Copy out every entry that follows, without a single picture.
====== Source information
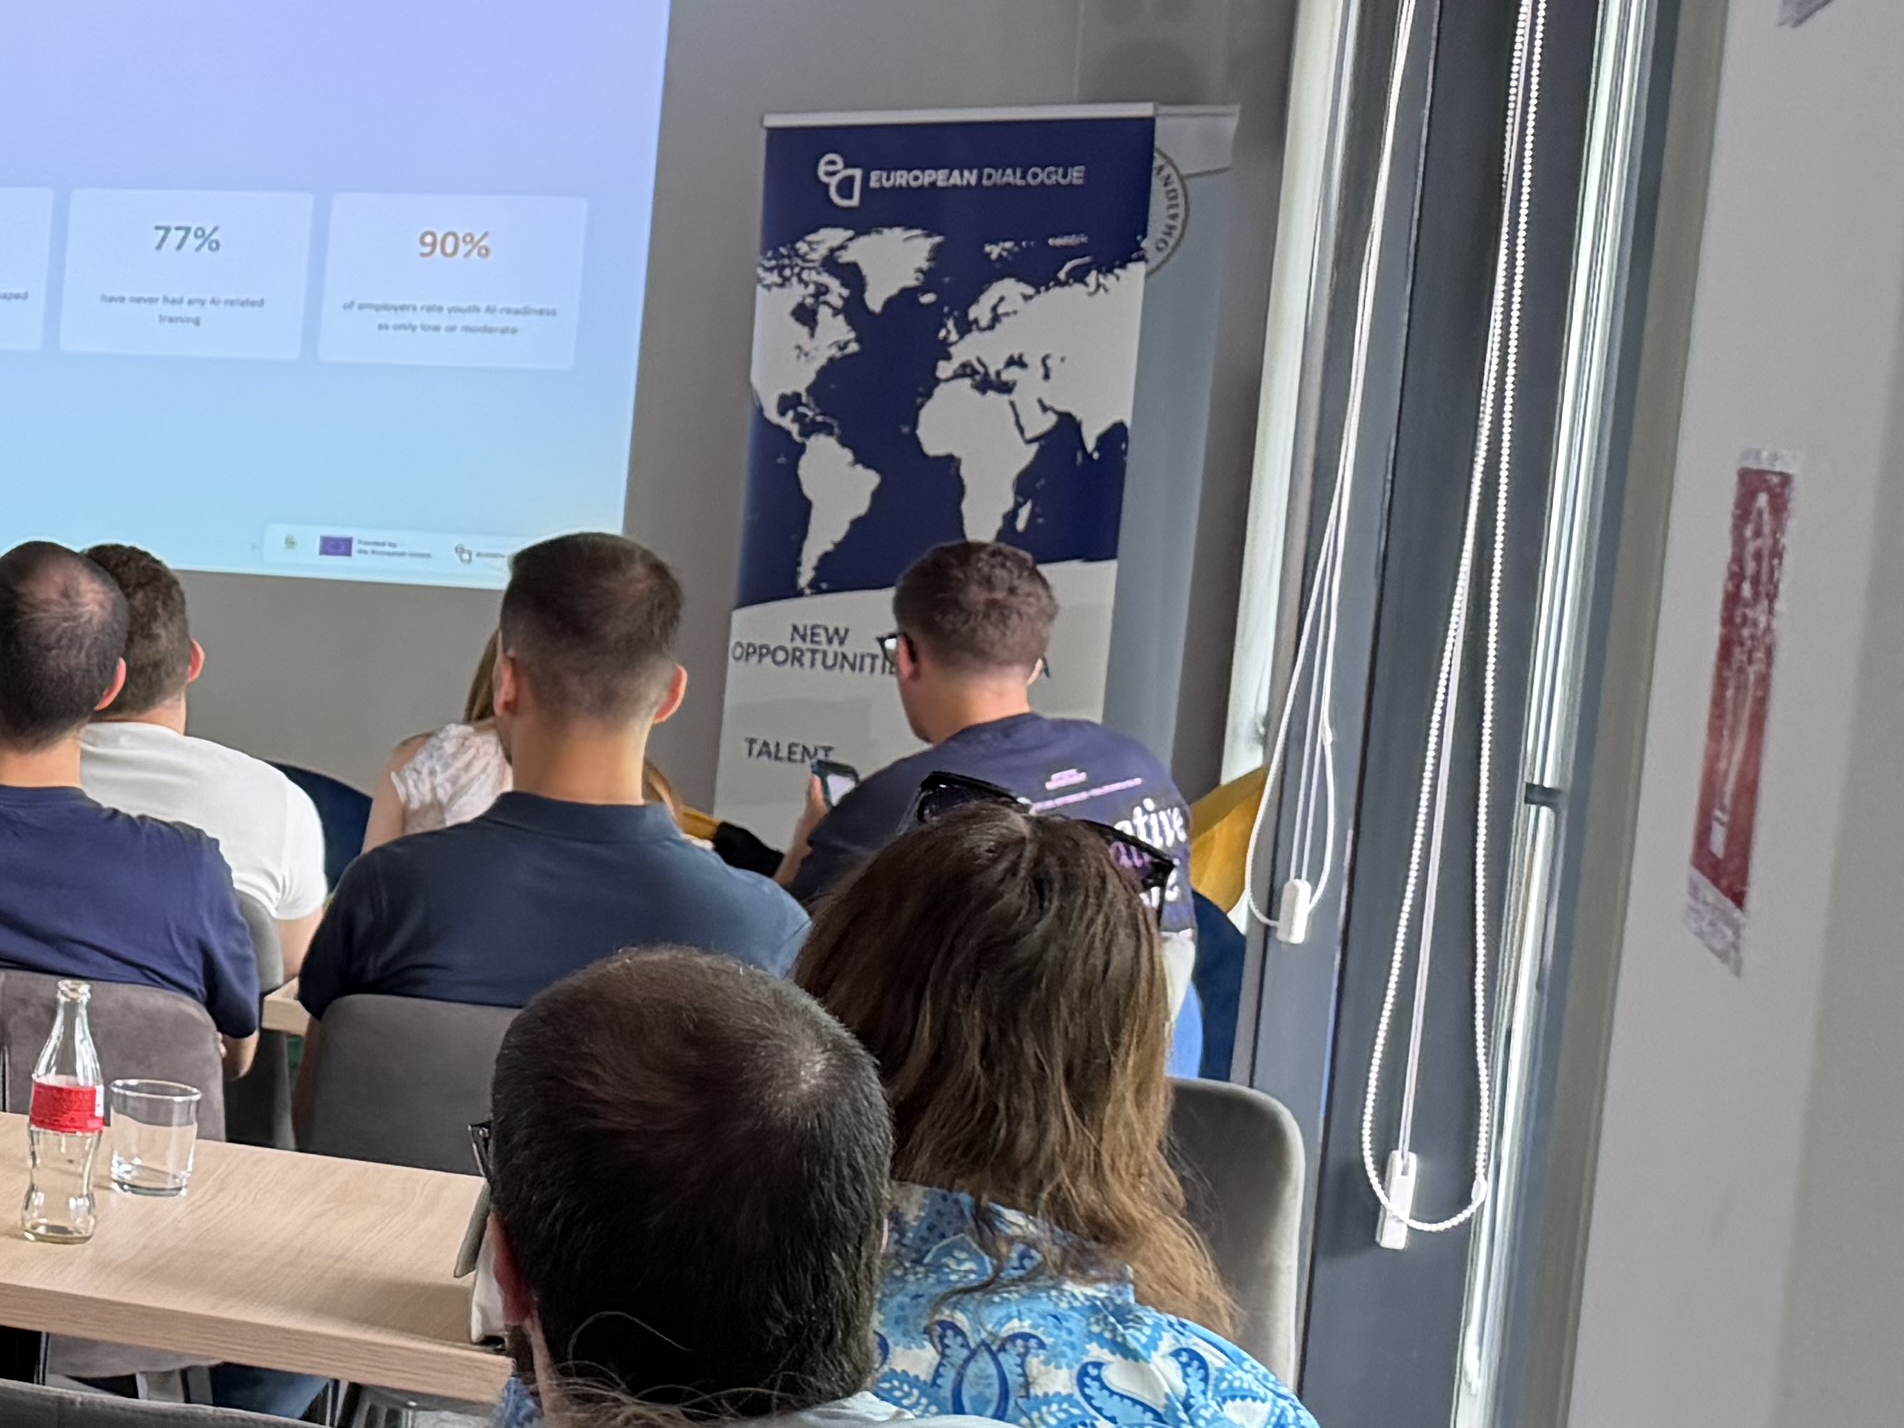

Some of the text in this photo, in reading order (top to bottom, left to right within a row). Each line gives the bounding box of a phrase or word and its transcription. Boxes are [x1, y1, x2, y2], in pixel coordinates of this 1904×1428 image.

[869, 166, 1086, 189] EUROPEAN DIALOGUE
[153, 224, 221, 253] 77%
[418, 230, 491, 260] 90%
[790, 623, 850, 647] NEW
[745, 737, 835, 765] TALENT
============
Solution to this exercise:
Some of the text in this photo, in reading order (top to bottom, left to right within a row). Each line gives the bounding box of a phrase or word and its transcription. Boxes are [x1, y1, x2, y2], in pixel coordinates of this 1904×1428 image.

[869, 166, 1086, 189] EUROPEAN DIALOGUE
[153, 224, 221, 253] 77%
[418, 230, 491, 260] 90%
[790, 623, 850, 647] NEW
[745, 737, 835, 765] TALENT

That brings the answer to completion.